Nous ne savons donc pas ce que paieront les générations futures. Nous signons un chèque en blanc sur l’avenir, laissant à d’autres le soin de payer demain ce que nous ne voulons pas payer aujourd’hui.

M. Philippe Séguin, Premier président de la Cour des comptes, nous a déclaré ici même, le 6 février dernier, que ces « innovations » se traduiront par « des surcoûts très importants pour l’État », qui aura fait preuve en l’espèce d’une « myopie coûteuse ».

Les contrats de partenariat, s’ils devaient être généralisés, pourraient donc avoir des effets du même ordre que ceux des crédits revolving dans la vie des ménages.

Pour toutes ces raisons, je considère qu’autant l’existence de cet outil peut être utile dans des circonstances très précises, autant il n’y a pas d’argument solide pour justifier sa généralisation. (Applaudissements sur les travées du groupe socialiste et du groupe CRC.)

M. le président. La parole est à M. Charles Guené.

M. Charles Guené. Monsieur le président, madame la ministre, monsieur le rapporteur, mes chers collègues, en première lecture, la commission des finances s’était saisie pour avis d’un nombre limité d’articles de ce projet de loi.

Elle avait cru nécessaire d’apporter son éclairage, car les PPP sont une modalité particulière, novatrice, de l’investissement public. Ils ont, bien entendu, une composante budgétaire et fiscale.

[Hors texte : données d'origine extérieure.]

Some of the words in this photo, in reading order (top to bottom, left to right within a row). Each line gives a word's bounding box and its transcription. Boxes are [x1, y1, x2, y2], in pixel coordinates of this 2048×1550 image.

Au moment de commencer cette deuxième lecture, je pense que nous pouvons nous féliciter des avancées réalisées sur ce texte, sur l’initiative tant du Sénat que de l’Assemblée nationale. Il contient des dispositions qui devraient permettre d’accroître la part de l’investissement public réalisée par le biais de PPP.

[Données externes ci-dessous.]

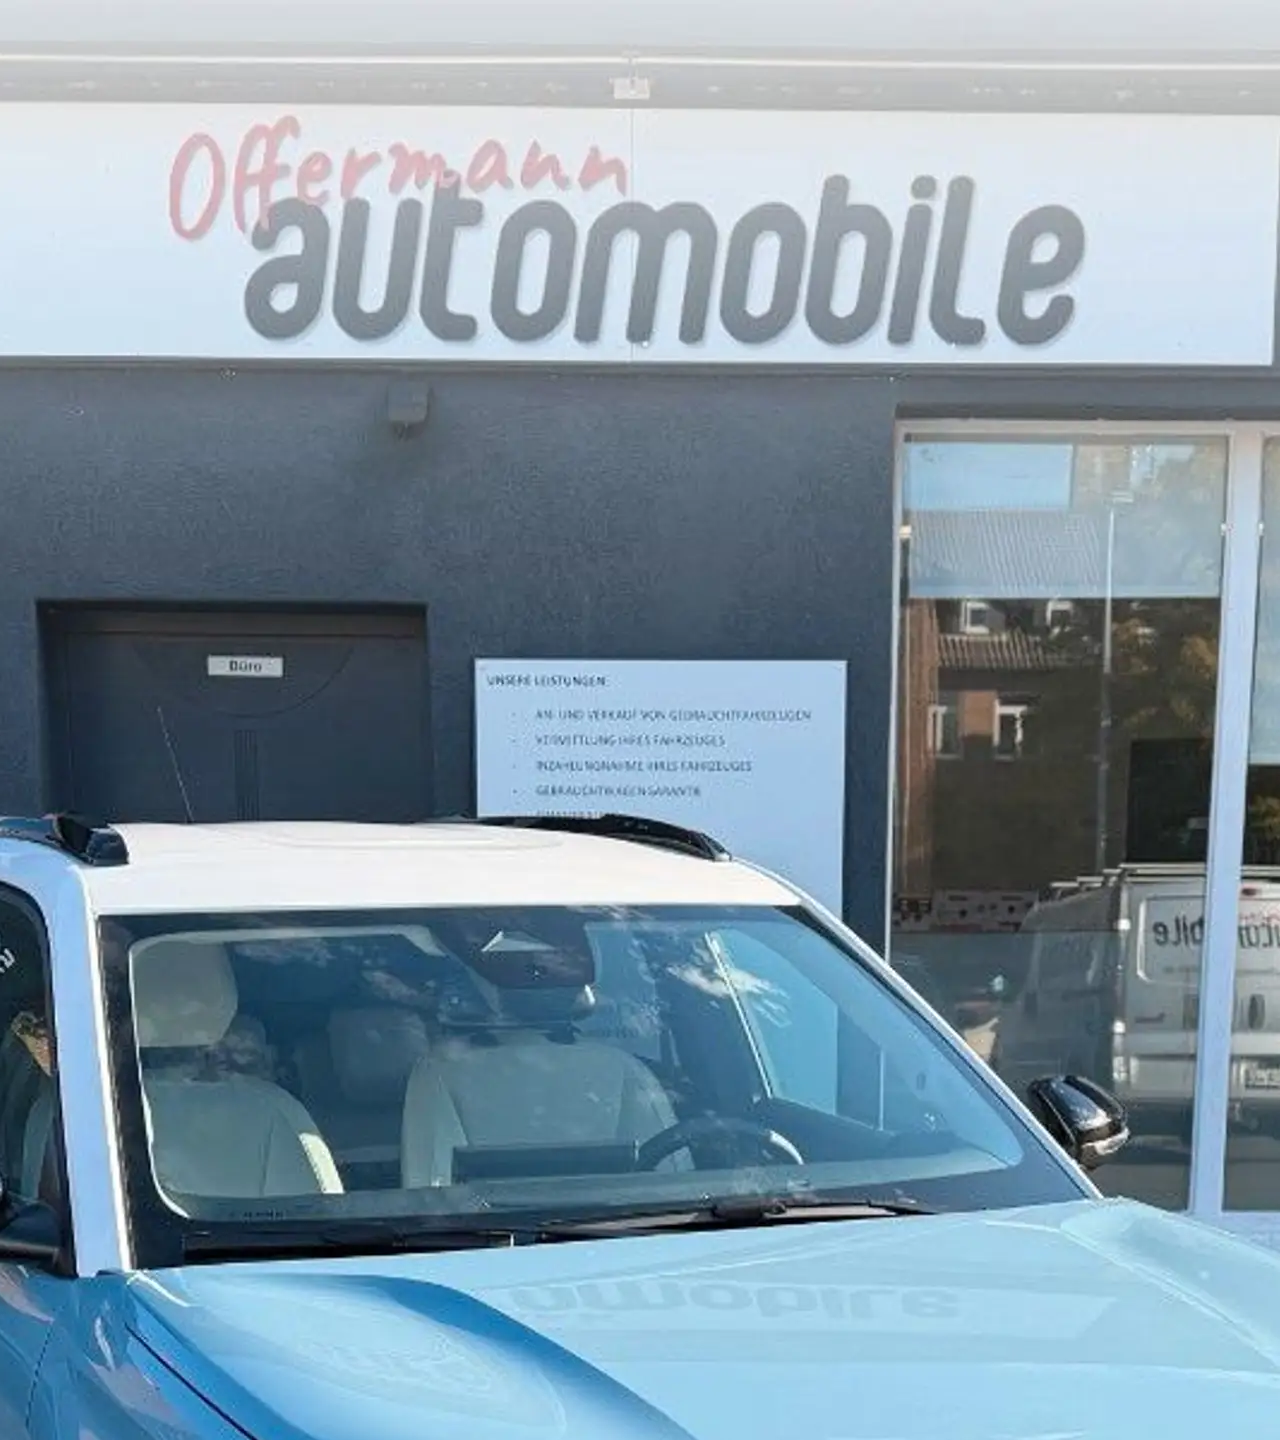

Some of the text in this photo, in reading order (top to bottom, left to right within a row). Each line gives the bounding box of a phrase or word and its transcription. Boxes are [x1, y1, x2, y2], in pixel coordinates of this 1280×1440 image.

Au Royaume-Uni, je le rappelle, les PPP représentent, selon les années, entre 10 % et 15 % de la formation brute de capital fixe publique.

Le projet de loi prévoit que le recours aux contrats de partenariat repose sur le critère essentiel de l’efficacité économique, c’est-à-dire sur ce que les anglo-saxons appellent le value for money. Il place l’évaluation préalable au cœur du dispositif.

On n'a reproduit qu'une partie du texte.